> [Input data]
:::::

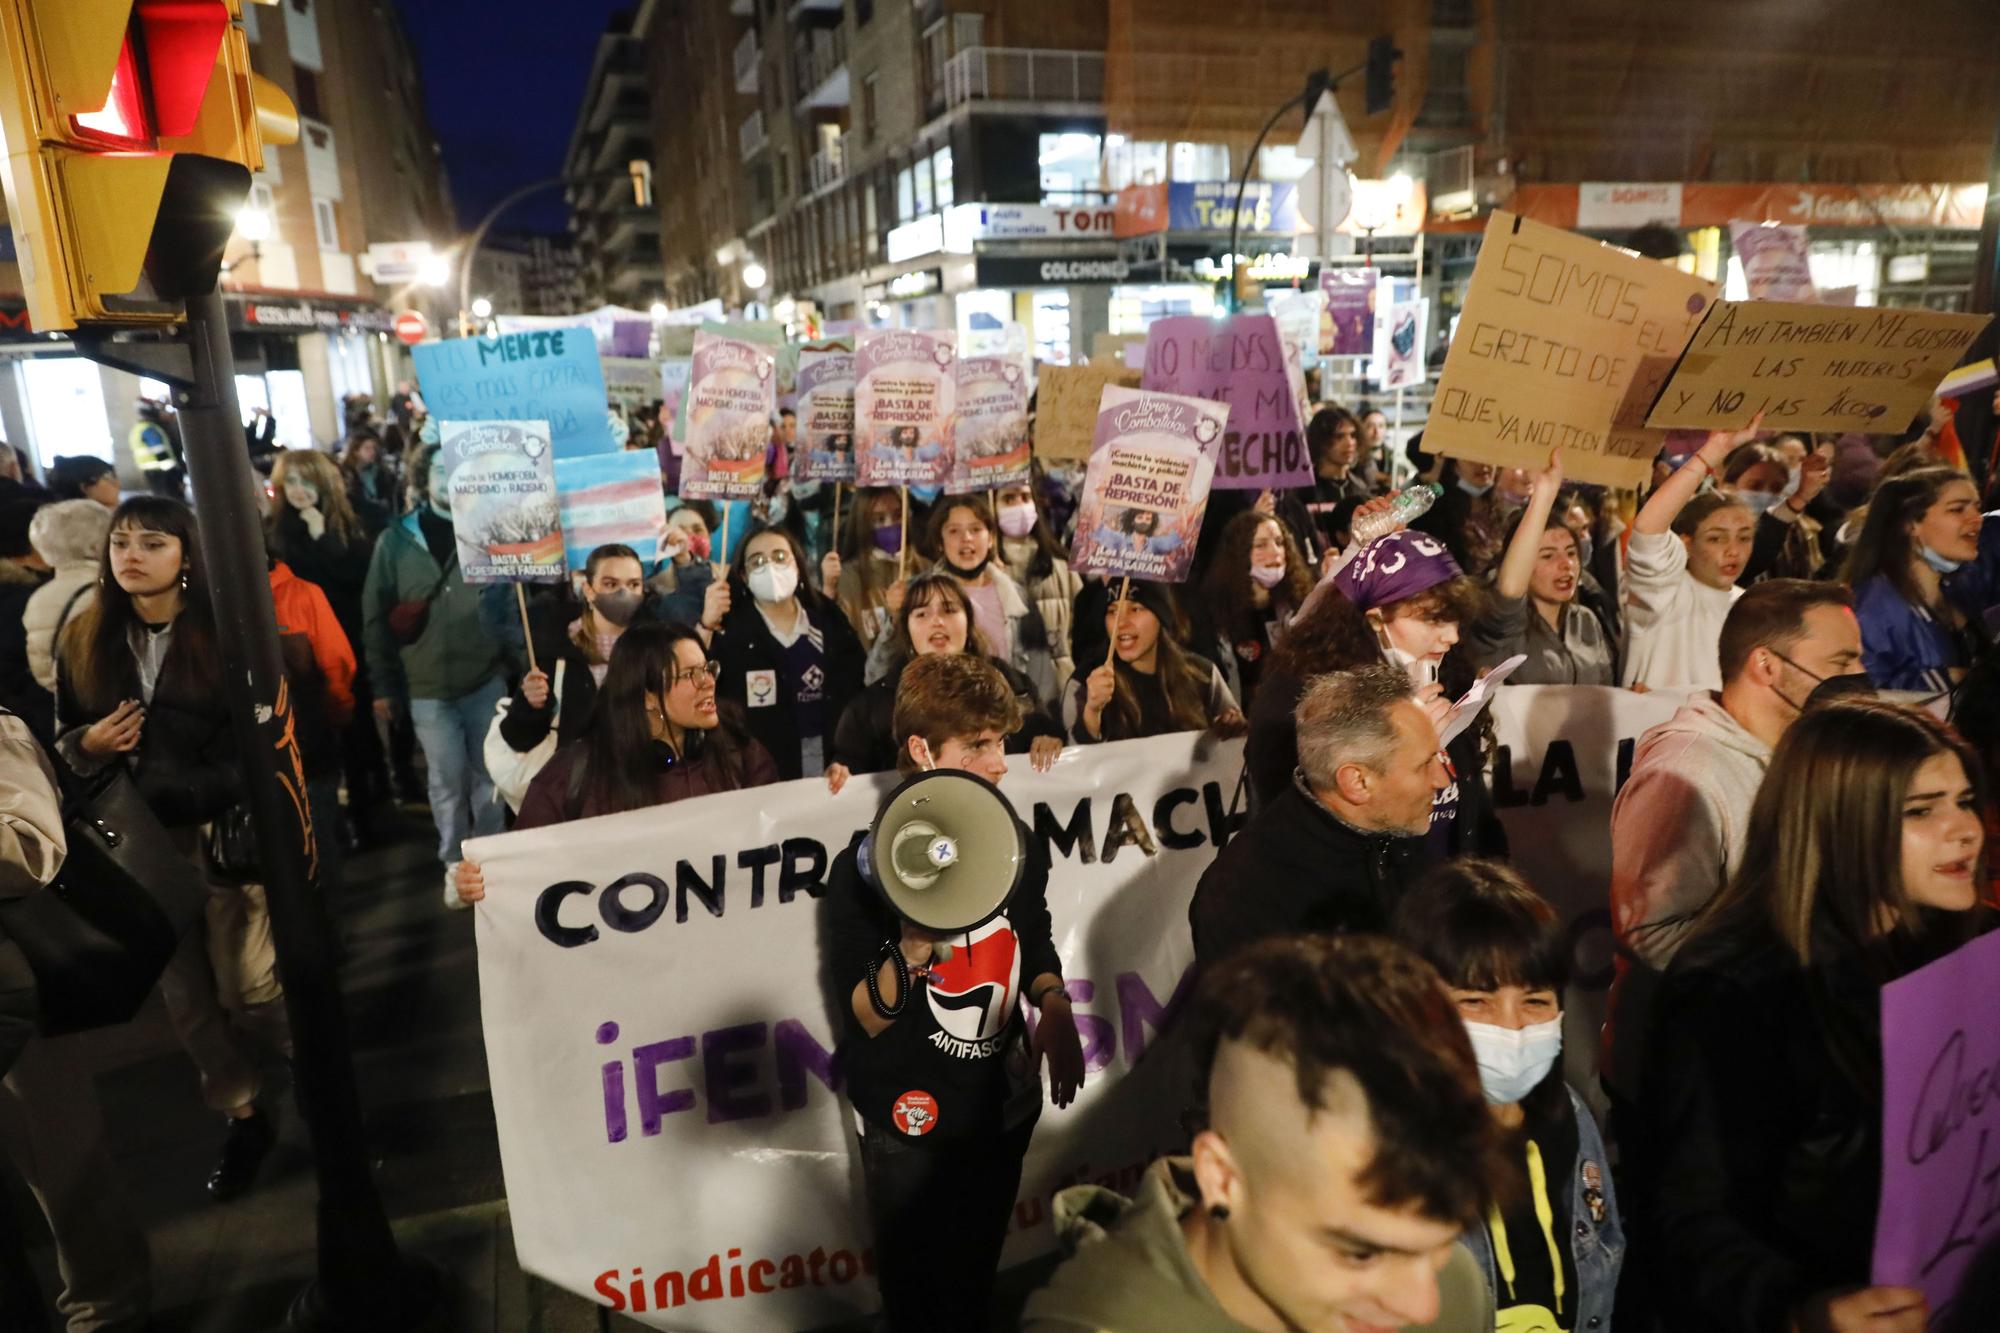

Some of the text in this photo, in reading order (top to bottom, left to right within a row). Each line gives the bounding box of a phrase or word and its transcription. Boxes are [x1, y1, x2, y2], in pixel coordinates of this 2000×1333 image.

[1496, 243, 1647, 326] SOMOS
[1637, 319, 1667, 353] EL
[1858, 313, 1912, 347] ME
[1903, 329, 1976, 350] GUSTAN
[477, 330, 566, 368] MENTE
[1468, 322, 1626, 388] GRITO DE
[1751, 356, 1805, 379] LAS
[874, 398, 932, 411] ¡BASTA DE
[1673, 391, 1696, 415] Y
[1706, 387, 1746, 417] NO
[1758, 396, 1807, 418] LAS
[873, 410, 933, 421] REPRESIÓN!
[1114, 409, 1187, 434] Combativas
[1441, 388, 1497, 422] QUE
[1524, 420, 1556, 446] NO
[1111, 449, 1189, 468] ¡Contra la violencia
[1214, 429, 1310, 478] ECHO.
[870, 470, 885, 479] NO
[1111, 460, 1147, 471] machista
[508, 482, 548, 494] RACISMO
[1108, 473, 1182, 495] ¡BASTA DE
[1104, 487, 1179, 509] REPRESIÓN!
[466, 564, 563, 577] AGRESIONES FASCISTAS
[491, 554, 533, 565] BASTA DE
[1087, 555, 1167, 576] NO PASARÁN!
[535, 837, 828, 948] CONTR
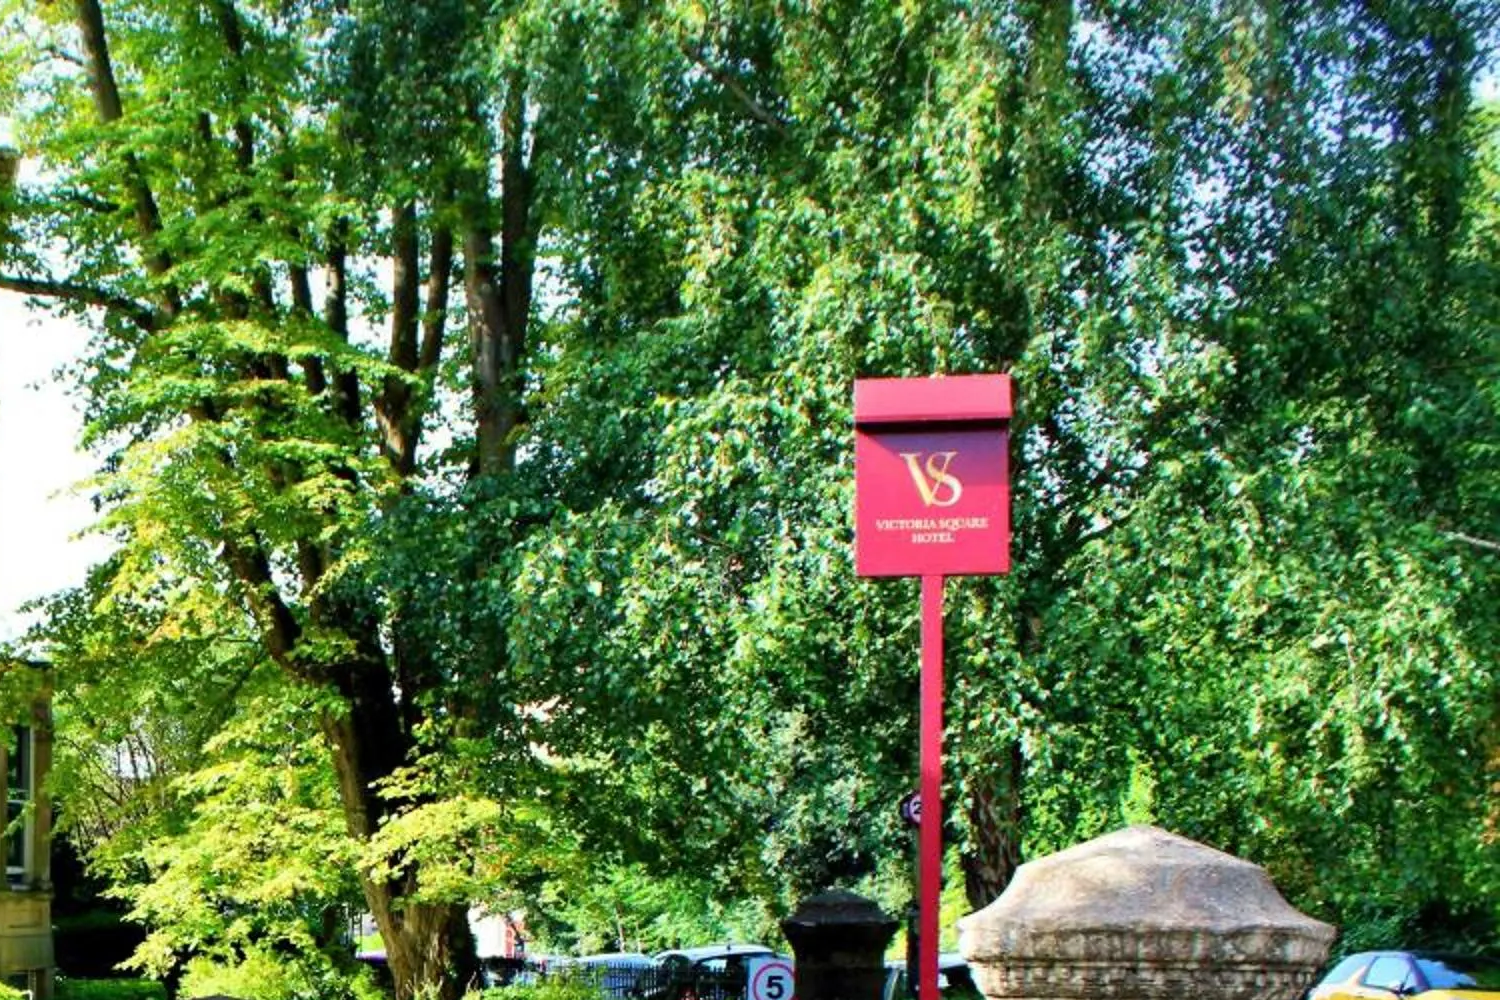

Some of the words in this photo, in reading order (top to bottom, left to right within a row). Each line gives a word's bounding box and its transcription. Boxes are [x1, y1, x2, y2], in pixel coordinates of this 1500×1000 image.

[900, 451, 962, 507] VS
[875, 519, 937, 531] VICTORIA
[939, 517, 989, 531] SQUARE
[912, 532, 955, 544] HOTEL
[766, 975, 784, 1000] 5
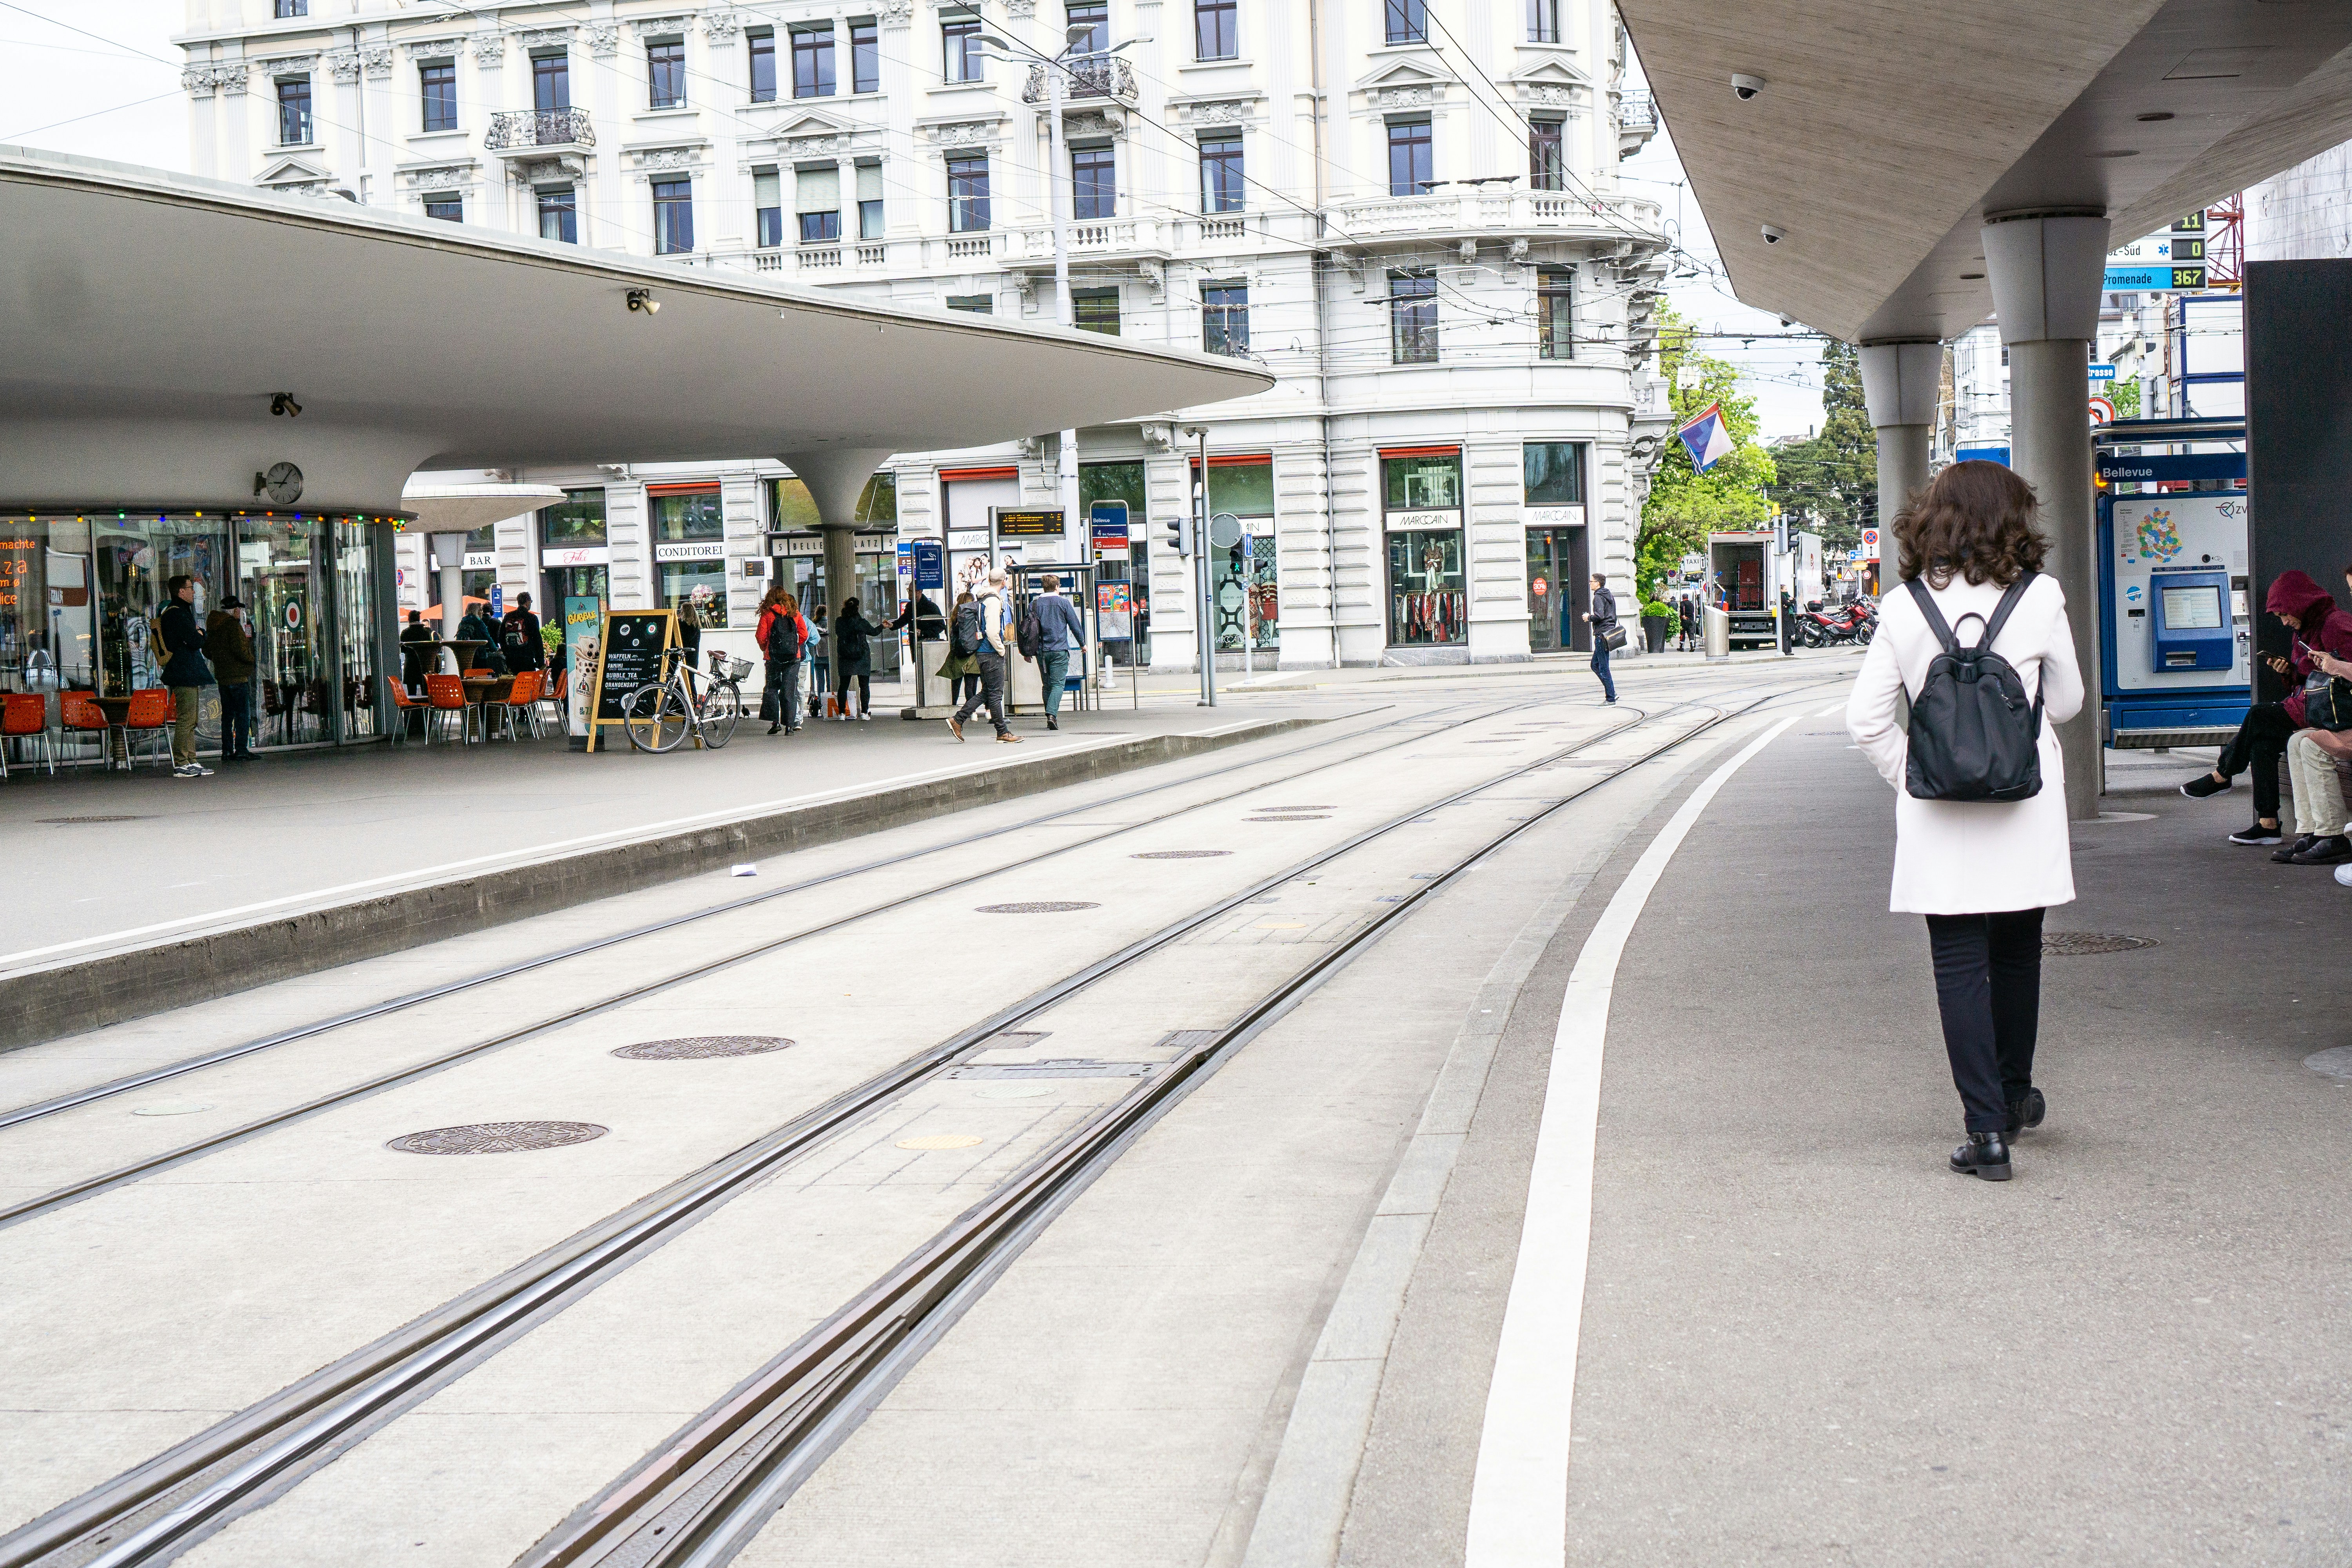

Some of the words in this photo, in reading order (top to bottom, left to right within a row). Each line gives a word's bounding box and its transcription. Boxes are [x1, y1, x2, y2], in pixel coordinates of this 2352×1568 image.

:::::

> [Problem details] Return all the data exactly, pictures omitted.

> [Solution to this problem]
Some of the text in this photo, in reading order (top to bottom, left to right within a row). Each line gives the bounding box of a phrase or word and its transcription. Boxes are [x1, y1, x2, y2], in pixel coordinates of this 2000×1333 image.

[1496, 243, 1647, 326] SOMOS
[1637, 319, 1667, 353] EL
[1858, 313, 1912, 347] ME
[1903, 329, 1976, 350] GUSTAN
[477, 330, 566, 368] MENTE
[1468, 322, 1626, 388] GRITO DE
[1751, 356, 1805, 379] LAS
[874, 398, 932, 411] ¡BASTA DE
[1673, 391, 1696, 415] Y
[1706, 387, 1746, 417] NO
[1758, 396, 1807, 418] LAS
[873, 410, 933, 421] REPRESIÓN!
[1114, 409, 1187, 434] Combativas
[1441, 388, 1497, 422] QUE
[1524, 420, 1556, 446] NO
[1111, 449, 1189, 468] ¡Contra la violencia
[1214, 429, 1310, 478] ECHO.
[870, 470, 885, 479] NO
[1111, 460, 1147, 471] machista
[508, 482, 548, 494] RACISMO
[1108, 473, 1182, 495] ¡BASTA DE
[1104, 487, 1179, 509] REPRESIÓN!
[466, 564, 563, 577] AGRESIONES FASCISTAS
[491, 554, 533, 565] BASTA DE
[1087, 555, 1167, 576] NO PASARÁN!
[535, 837, 828, 948] CONTR

Some of the words in this photo, in reading order (top to bottom, left to right within a row). Each line gives a word's bounding box and its transcription. Boxes are [x1, y1, x2, y2], in pixel coordinates of this 1500×1000 image.

[900, 451, 962, 507] VS
[875, 519, 937, 531] VICTORIA
[939, 517, 989, 531] SQUARE
[912, 532, 955, 544] HOTEL
[766, 975, 784, 1000] 5

Some of the words in this photo, in reading order (top to bottom, left to right within a row). Each line gives a word's bounding box and its transcription. Boxes are [x1, y1, x2, y2], in pixel coordinates of this 2352×1568 image.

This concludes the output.